INFORMATION:
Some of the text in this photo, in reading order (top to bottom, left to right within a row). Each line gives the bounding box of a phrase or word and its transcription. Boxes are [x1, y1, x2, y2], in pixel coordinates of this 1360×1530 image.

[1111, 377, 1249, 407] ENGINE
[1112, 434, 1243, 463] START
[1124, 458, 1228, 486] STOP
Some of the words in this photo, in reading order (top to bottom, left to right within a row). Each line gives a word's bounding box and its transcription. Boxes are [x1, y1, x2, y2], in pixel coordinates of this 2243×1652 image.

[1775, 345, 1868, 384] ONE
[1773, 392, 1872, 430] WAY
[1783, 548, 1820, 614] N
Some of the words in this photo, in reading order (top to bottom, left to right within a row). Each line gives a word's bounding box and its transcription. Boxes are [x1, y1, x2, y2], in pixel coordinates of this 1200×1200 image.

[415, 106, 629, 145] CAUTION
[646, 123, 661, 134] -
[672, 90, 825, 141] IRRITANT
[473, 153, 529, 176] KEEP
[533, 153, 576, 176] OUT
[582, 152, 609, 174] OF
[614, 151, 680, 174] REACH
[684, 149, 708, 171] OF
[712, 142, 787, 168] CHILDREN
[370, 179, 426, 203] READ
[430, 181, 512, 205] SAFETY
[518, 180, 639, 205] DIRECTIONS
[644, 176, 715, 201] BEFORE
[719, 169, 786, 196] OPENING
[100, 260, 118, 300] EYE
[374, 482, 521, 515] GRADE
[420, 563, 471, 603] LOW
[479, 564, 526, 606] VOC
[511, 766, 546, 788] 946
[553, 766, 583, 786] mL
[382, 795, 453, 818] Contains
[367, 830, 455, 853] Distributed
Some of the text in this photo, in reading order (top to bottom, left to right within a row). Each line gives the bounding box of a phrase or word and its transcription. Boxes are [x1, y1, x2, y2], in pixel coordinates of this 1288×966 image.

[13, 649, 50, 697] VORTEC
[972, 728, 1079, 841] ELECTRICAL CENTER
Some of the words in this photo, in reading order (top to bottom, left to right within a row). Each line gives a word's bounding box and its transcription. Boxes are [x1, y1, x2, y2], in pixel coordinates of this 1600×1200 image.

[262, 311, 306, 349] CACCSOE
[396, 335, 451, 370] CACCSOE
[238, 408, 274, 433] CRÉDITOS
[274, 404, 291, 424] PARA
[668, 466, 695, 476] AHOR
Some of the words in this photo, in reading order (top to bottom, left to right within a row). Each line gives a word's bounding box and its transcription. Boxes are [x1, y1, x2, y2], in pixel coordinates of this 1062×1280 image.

AIM OF THE EXERCISE:
Produce verbatim the lines starting at the one with "this 1600×1200 image." and ending at the last line of the material, both ends included. Add no other line.

ANSWER TO THE EXERCISE:
Some of the words in this photo, in reading order (top to bottom, left to right within a row). Each line gives a word's bounding box and its transcription. Boxes are [x1, y1, x2, y2], in pixel coordinates of this 1600×1200 image.

[262, 311, 306, 349] CACCSOE
[396, 335, 451, 370] CACCSOE
[238, 408, 274, 433] CRÉDITOS
[274, 404, 291, 424] PARA
[668, 466, 695, 476] AHOR
Some of the words in this photo, in reading order (top to bottom, left to right within a row). Each line gives a word's bounding box and its transcription. Boxes are [x1, y1, x2, y2], in pixel coordinates of this 1062×1280 image.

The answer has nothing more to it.